То пришла мне в голову мысль
Направиться, дабы почтить Бога, в Сен-Дени,
И пробыл я там вплоть до среды.
Употребляемые в этих примерах обозначения того или иного дня зависели от различных хронологических систем, которые сосуществовали в сознании средневекового человека. Истина состоит в том, что он не знал ни унифицированного времени, ни единообразной хронологии. Множественность времен — такова реальность для средневекового разума.
Нигде потребность в хронологии не была столь сильной, как в священной истории. Все, что касалось Христа, требовало измерения во времени, поэтому в «Светильнике» земная жизнь Иисуса излагается самым детальным образом. «Почему девять месяцев пребывал Он во чреве Богоматери? В котором часу Он родился? Почему в течение тридцати лет не объявлял Он о Себе? Сколько часов пребывал Он в смерти? — Сорок».
В строгой хронологии нуждались также шесть дней творения и история грехопадения: «Сколько времени Адам и Ева пребывали в раю? — Семь часов. — Почему не дольше? — Потому что немедленно после того, как женщина была создана, она предала. В третий час по своему сотворению мужчина дал имена животным, в шестой час только что созданная женщина вкусила от запретного плода и предложила его мужчине, который съел его из любви к ней, и вскоре, в девятом часу, Господь изгнал их из рая».

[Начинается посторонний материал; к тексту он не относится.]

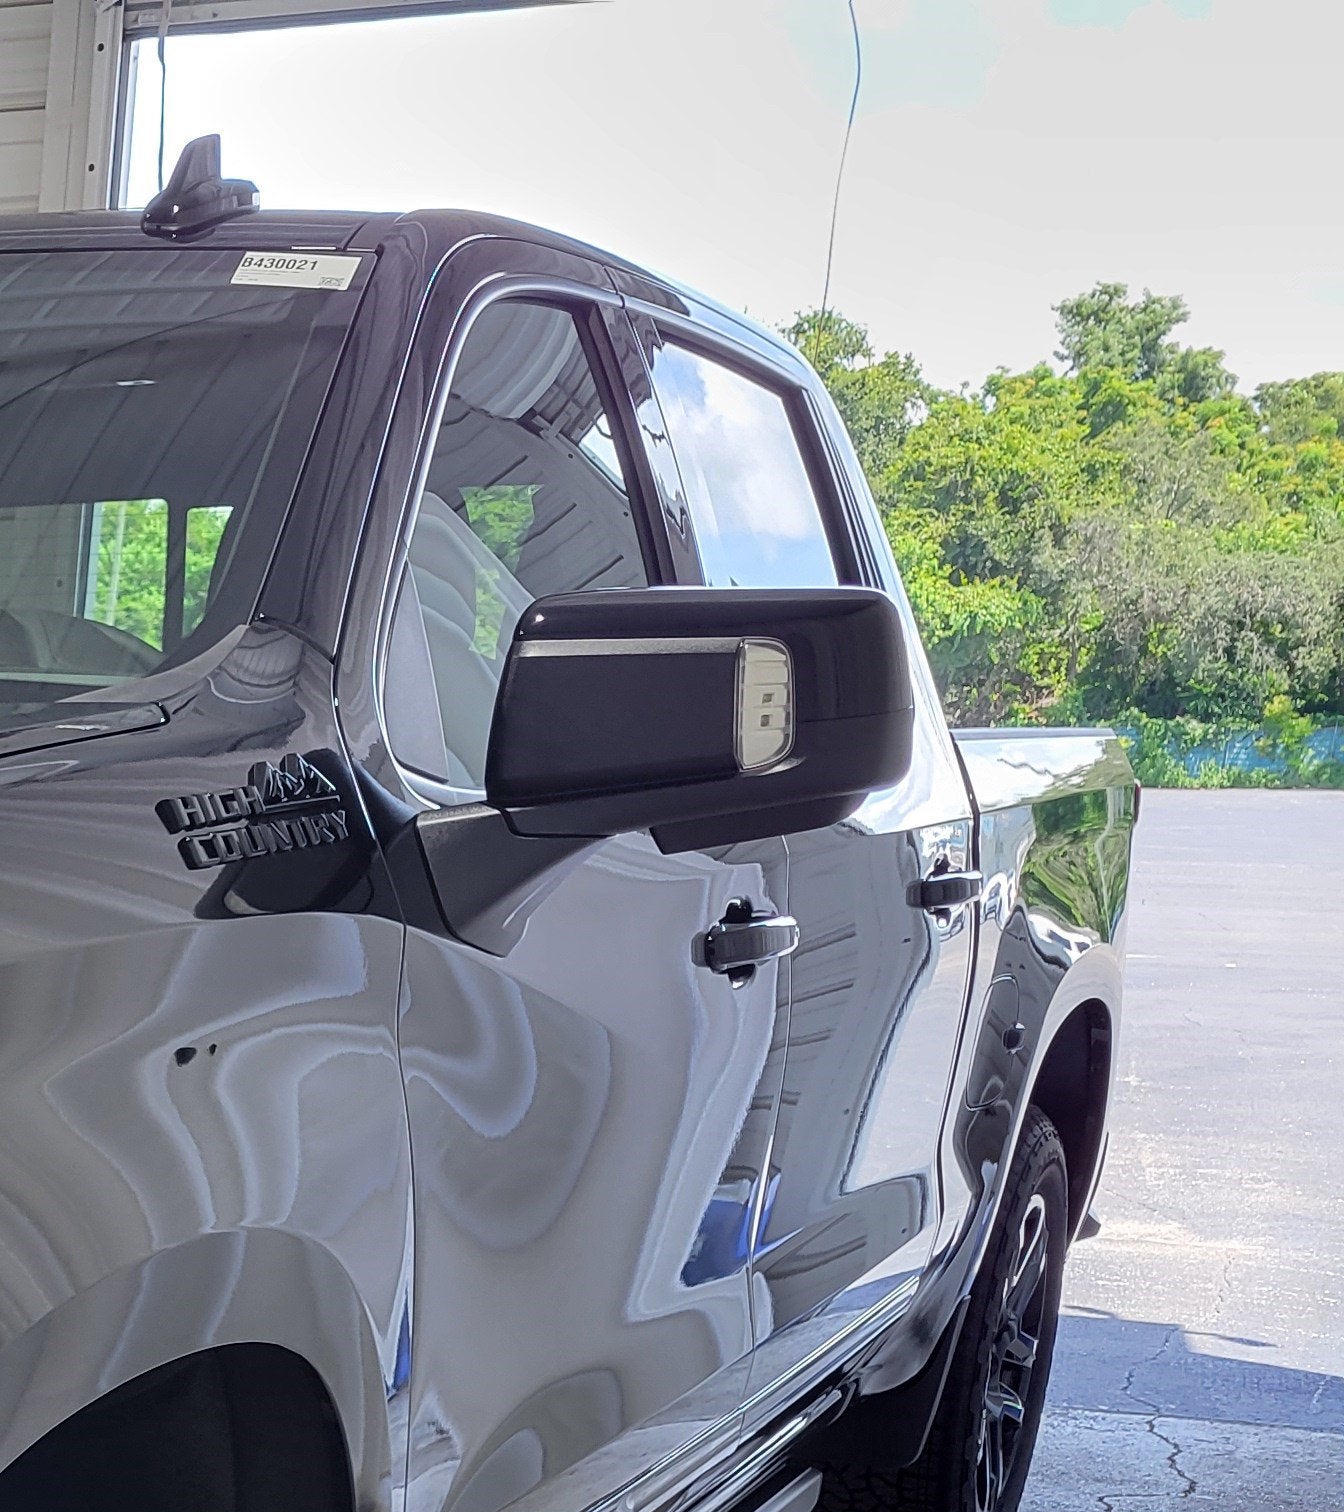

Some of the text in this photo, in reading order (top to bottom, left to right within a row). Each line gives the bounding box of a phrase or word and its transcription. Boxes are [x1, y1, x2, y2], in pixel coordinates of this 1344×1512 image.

[241, 257, 318, 271] B430021
[155, 785, 266, 834] HIGH
[177, 809, 350, 870] COUNTRY
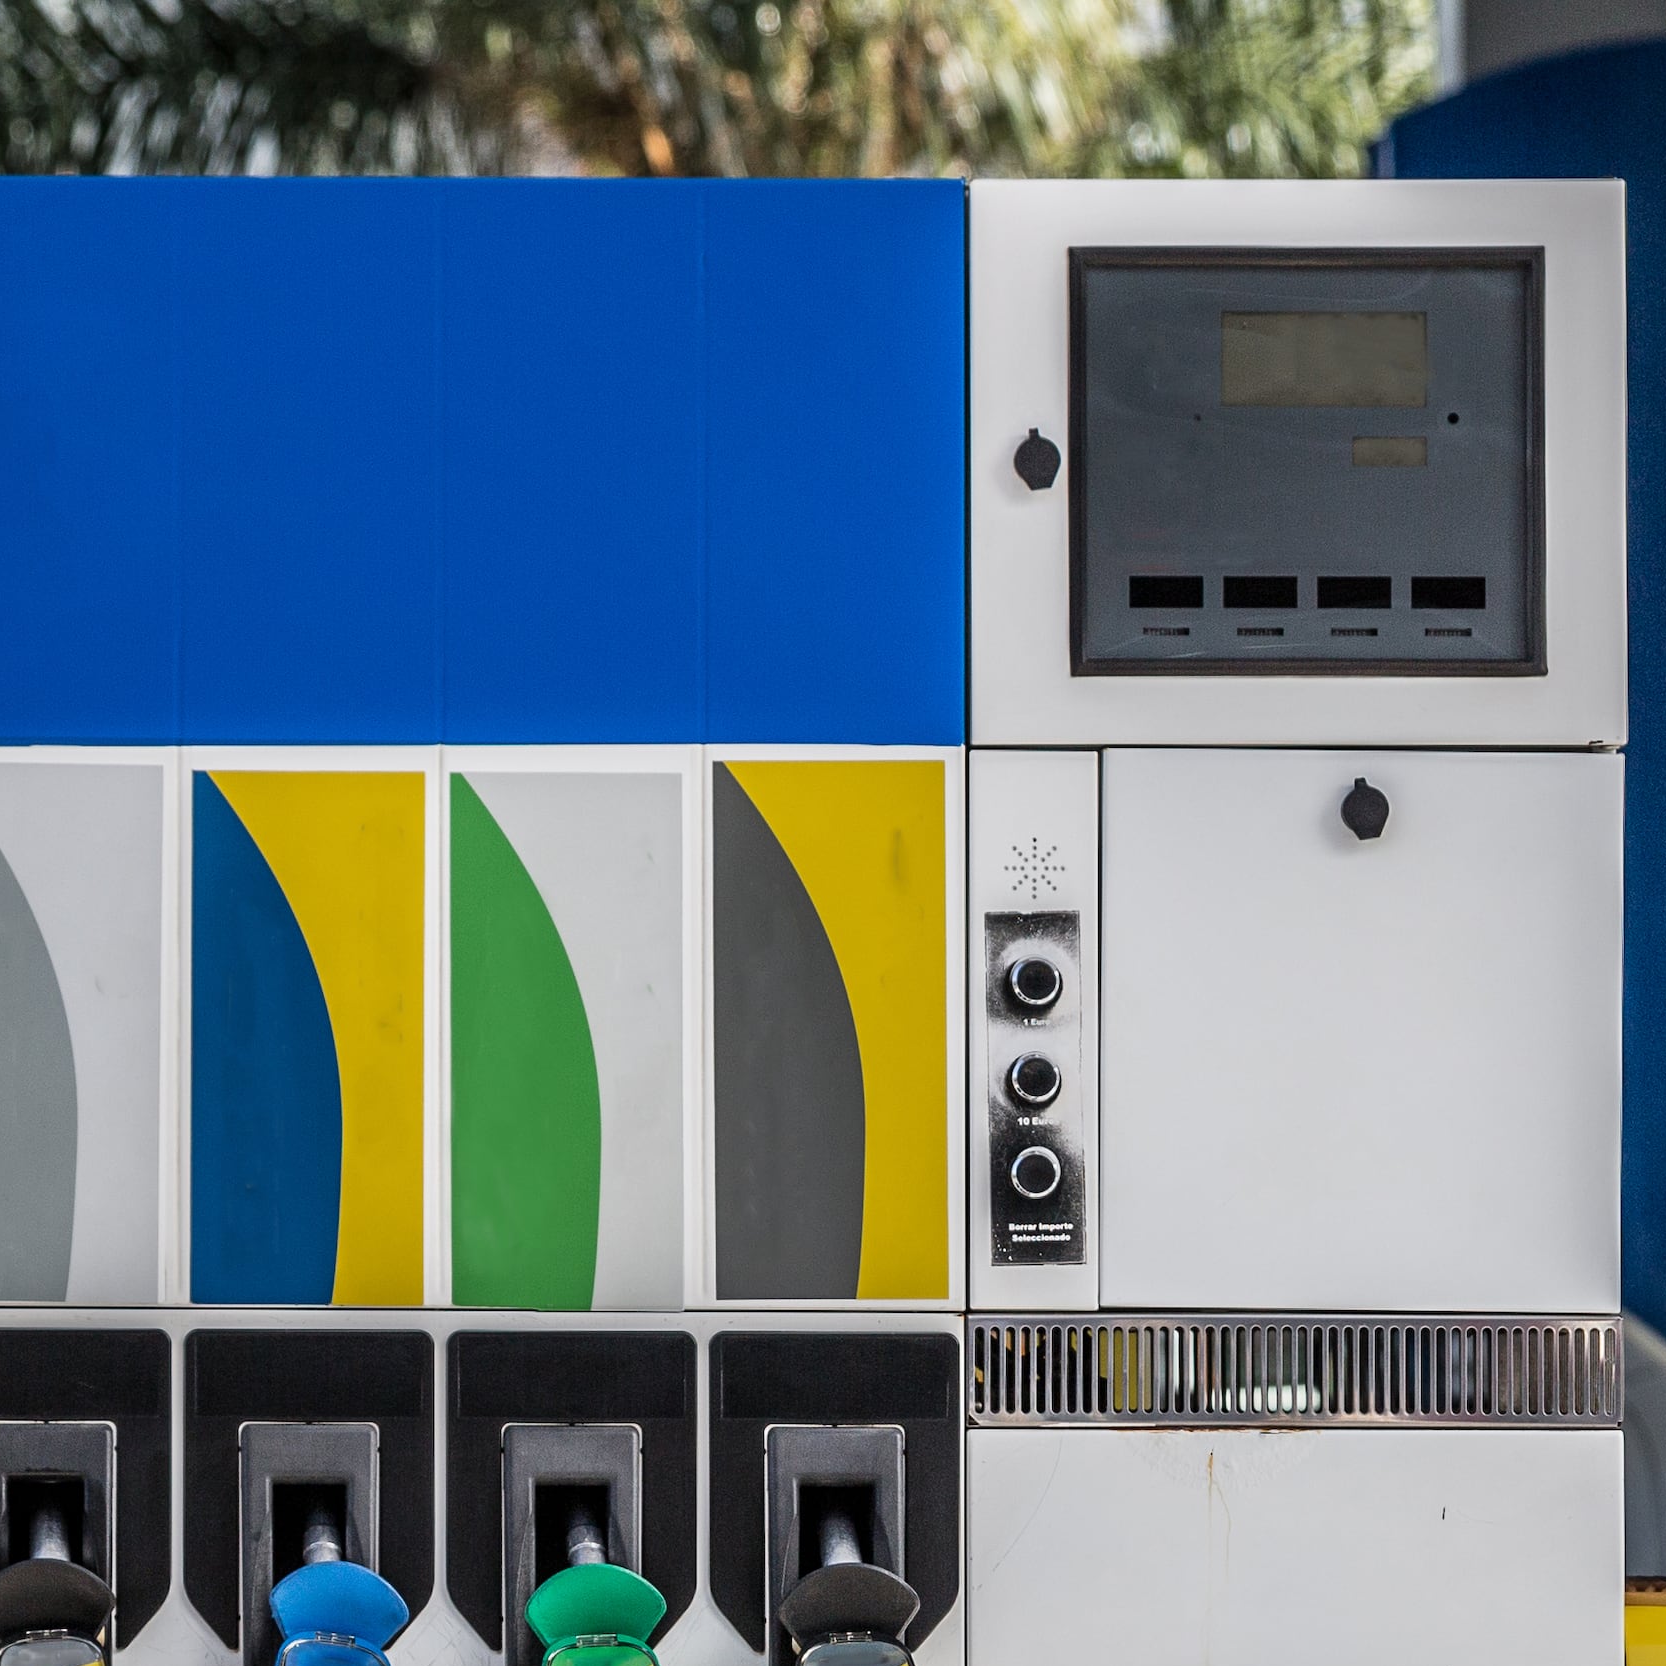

Средневековые люди доводили до крайности аллегорическое толкование содержавшихся в Библии более или менее символических дат и сроков творения. И в то же время они преувеличивали буквальный смысл данных Священного писания. Особенно все то, что фигурировало в «исторических книгах» Библии, понималось ими как реальные и датированные факты. Всемирные хроники начинались с дат, в которых проявляется подлинная одержимость хронологией. Но здесь, впрочем, не существовало единодушия. Яков Ворагинский откровенно признавал: «Нет согласия относительно даты рождения во плоти Господа нашего Иисуса Христа. Одни говорят, что это произошло через 5228 лет после сотворения Адама; другие — через 6000 лет; третьи, следуя хронике Евсевия Кесарийского, — через 5199 лет, во времена императора Октавиана». И он осмотрительно добавляет: «Первым, кто установил дату в 6000 лет, был Мефодий, но он, кажется, нашел ее скорее по мистическому вдохновению, нежели по хронологическому расчету».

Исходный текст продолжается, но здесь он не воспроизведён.